Private industry is increasingly focused on how to get what they want from the data they gather without crossing that fine privacy line. Chaudhuri says one solution is to add noise to the data set—mixing in some inaccurate information along with the accurate, something Google does.

“If Google tells you they’re going to collect a lot of your data, but don’t worry, they won’t use it or share it, you are not necessarily going to trust the company,” she explained. “What Google has done is build a system called Rappor for collecting data in a noisy form. People are not going to trust them with the raw data.”

The Subtle Creepiness of Data Collection

Even with oversight, the average web user is still at risk. Just months before Cambridge Analytica was found to have grabbed 87 million people’s personal data from Facebook, the social media giant turned in an audit of its privacy practices (required by a court consent decree) that deemed the company’s privacy protection practices to be sufficient and effective – even as the Cambridge Analytica scandal was harvesting.

But even before the Facebook leak, consumers were weary of companies collecting their data, threatening to abandon their patronage with a breach. Today, many consumers fear their data is used to sell them more things or influence their opinion without their consent. In fact, according to the RSA Data Privacy and Security Report, 41 percent of respondents admitted to intentionally falsifying personal information and data when signing up for products and services online.

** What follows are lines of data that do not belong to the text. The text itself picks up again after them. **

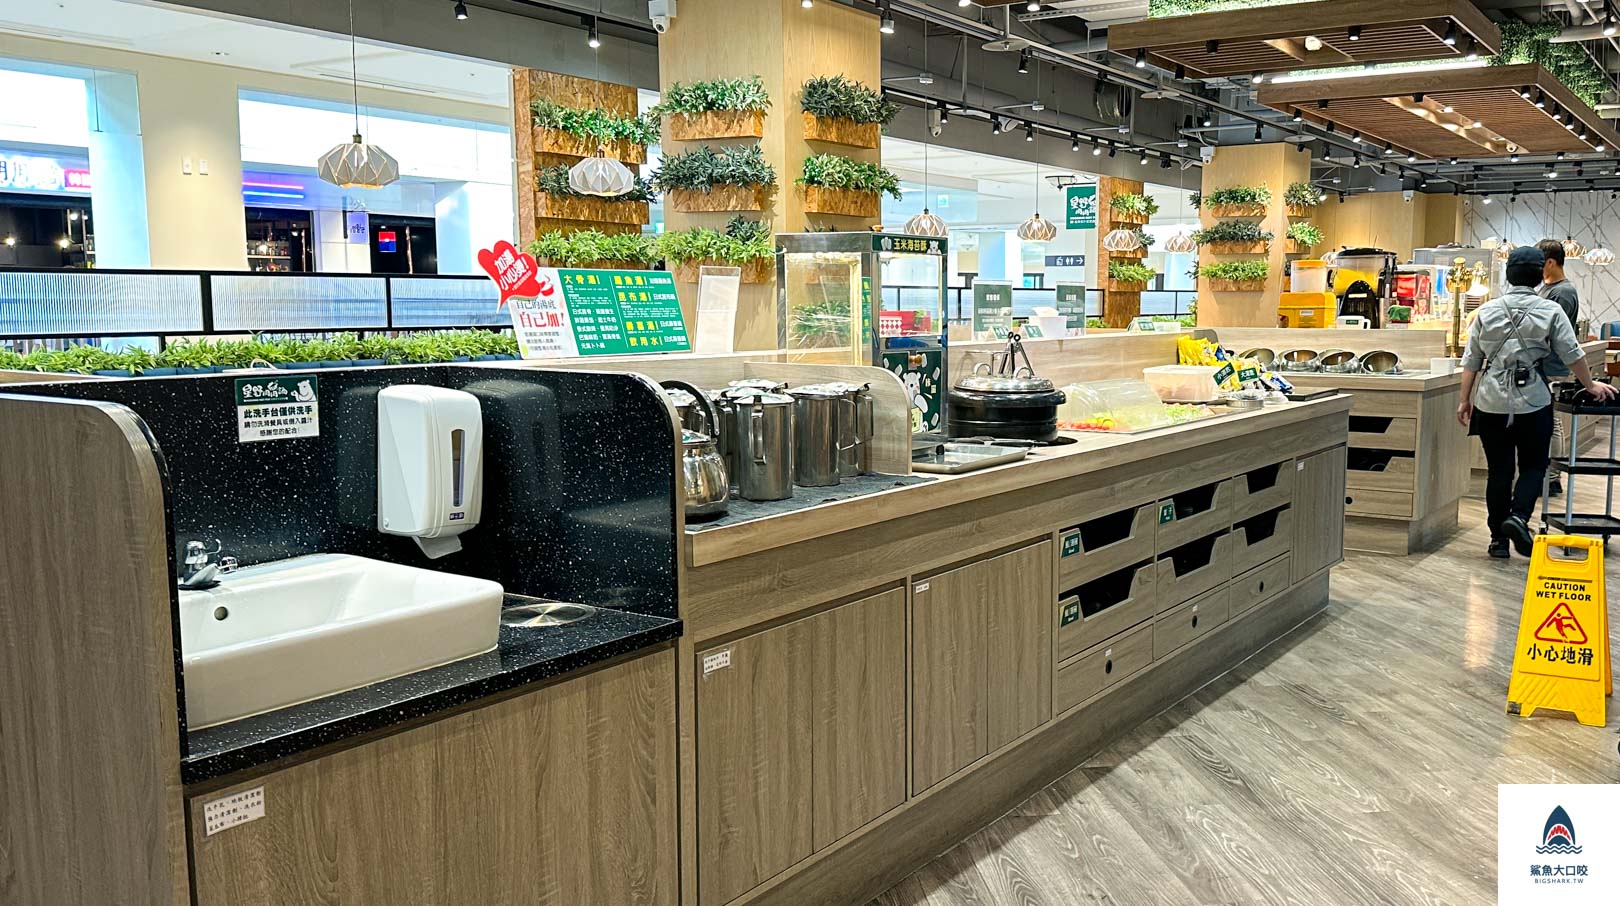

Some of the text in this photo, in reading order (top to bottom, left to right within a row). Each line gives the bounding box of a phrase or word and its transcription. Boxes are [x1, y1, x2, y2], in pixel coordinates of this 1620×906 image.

[519, 311, 565, 328] 自己加!
[243, 405, 313, 419] 此洗手台僅供洗手
[1544, 582, 1586, 592] CAUTION
[1536, 591, 1592, 602] WET FLOOR
[1526, 643, 1594, 666] 小心地滑

In some cases, public use of the data is just plain creepy. Recent tweets by Netflix and Spotify left some of their customers alarmed. In December 2017, Netflix tweeted: “To the 53 people who’ve watched A Christmas Prince every day for the past 18 days: Who hurt you?” Spotify ran ads based on their user data that was both quirky and creepy, including: “Dear person who played ‘Sorry’ 42 times on Valentine’s Day, what did you do?”

Did those consumers agree to let those companies use their data? Yes. Did they thoroughly understand and consider what could happen? Likely not. Did they agree to have their personal information resold? Even as anonymized data? Privacy experts say it’s not clear if those agreements were even valid.

“It’s arguably not a valid agreement to have 37 pages of privacy and use policy where what you do is hit I agree,” says Mark Halverson, a co-chairman of the Institute of Electrical and Electronic Engineers committee working on ethical and privacy issues in artificial intelligence.

One federal agent, who prefers not to be identified, said he sits in meetings where people talk about protecting their personal data. When he hears that, he pulls out his smartphone and sets it on the table. His response: “If you carry one of these, you’ve already conceded that point.”